___ Provided material ___

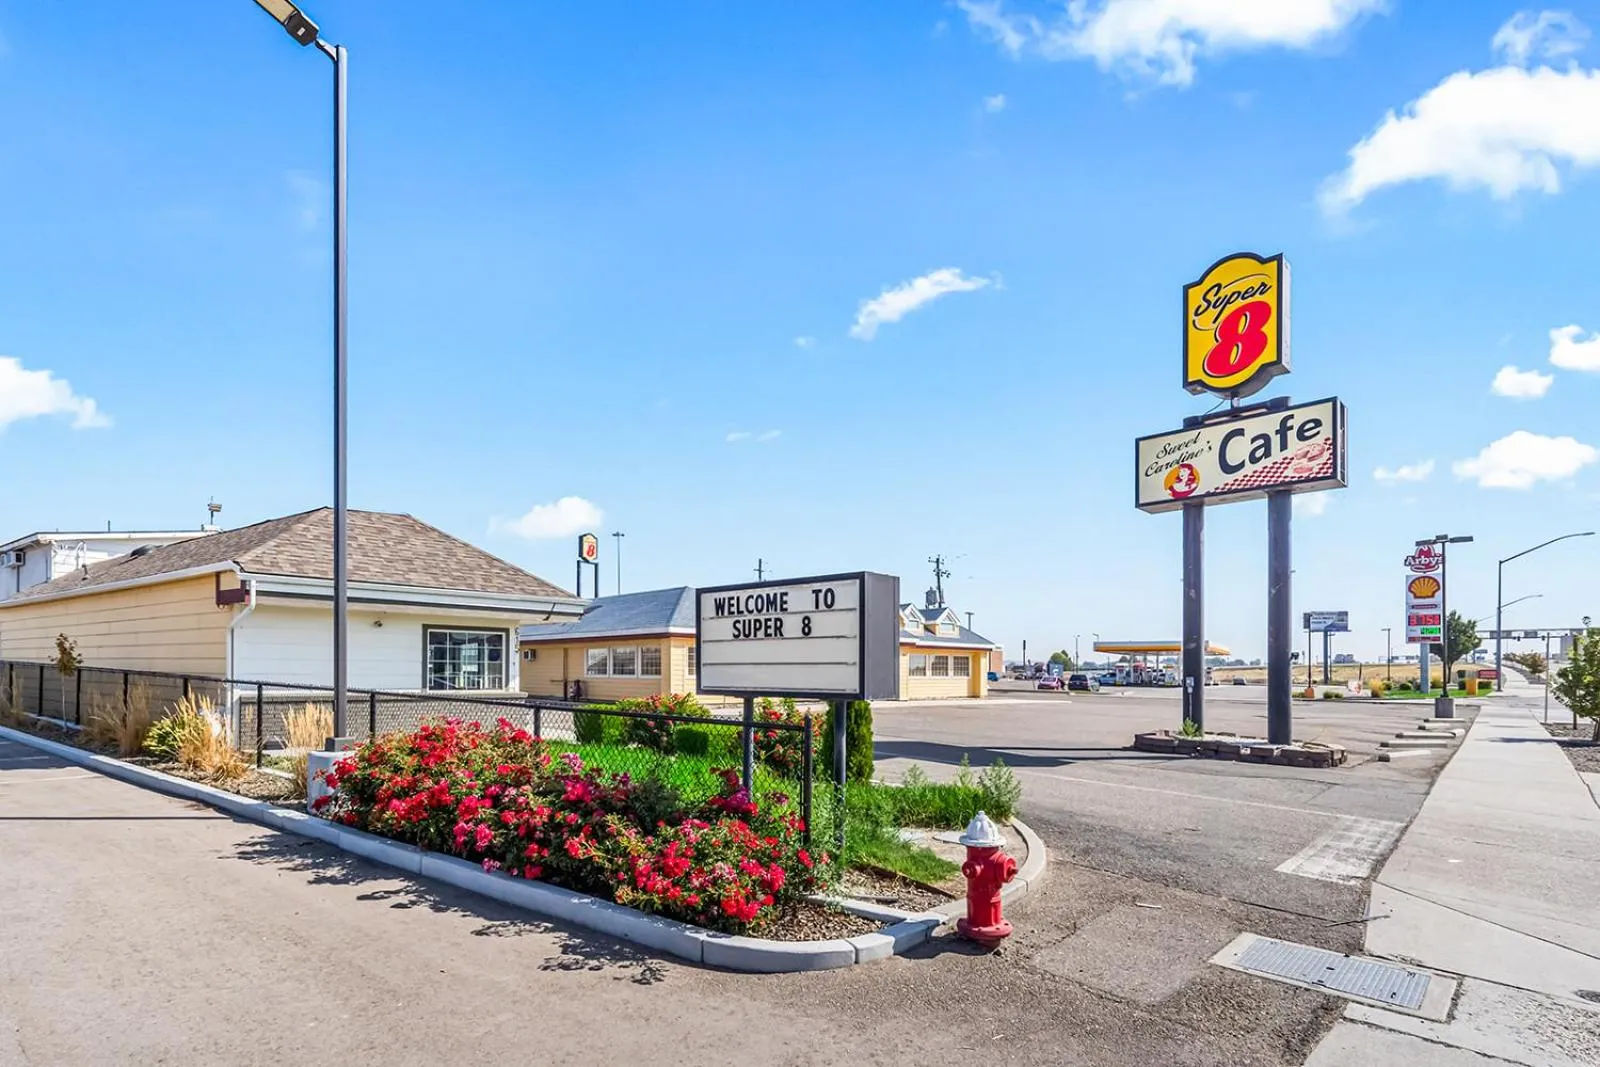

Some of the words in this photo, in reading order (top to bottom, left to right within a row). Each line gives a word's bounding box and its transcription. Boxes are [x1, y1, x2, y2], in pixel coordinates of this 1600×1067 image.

[1193, 278, 1273, 327] Super
[1202, 300, 1272, 378] 8
[1218, 413, 1323, 475] Cafe
[713, 592, 789, 616] WELCOME
[812, 588, 836, 610] TO
[732, 617, 784, 639] SUPER
[801, 616, 812, 637] 8

___

(Required work) Please retype every entry above exactly, leaving out any picture.

(Result for this exercise)
Some of the words in this photo, in reading order (top to bottom, left to right within a row). Each line gives a word's bounding box and its transcription. Boxes are [x1, y1, x2, y2], in pixel coordinates of this 1600×1067 image.

[1193, 278, 1273, 327] Super
[1202, 300, 1272, 378] 8
[1218, 413, 1323, 475] Cafe
[713, 592, 789, 616] WELCOME
[812, 588, 836, 610] TO
[732, 617, 784, 639] SUPER
[801, 616, 812, 637] 8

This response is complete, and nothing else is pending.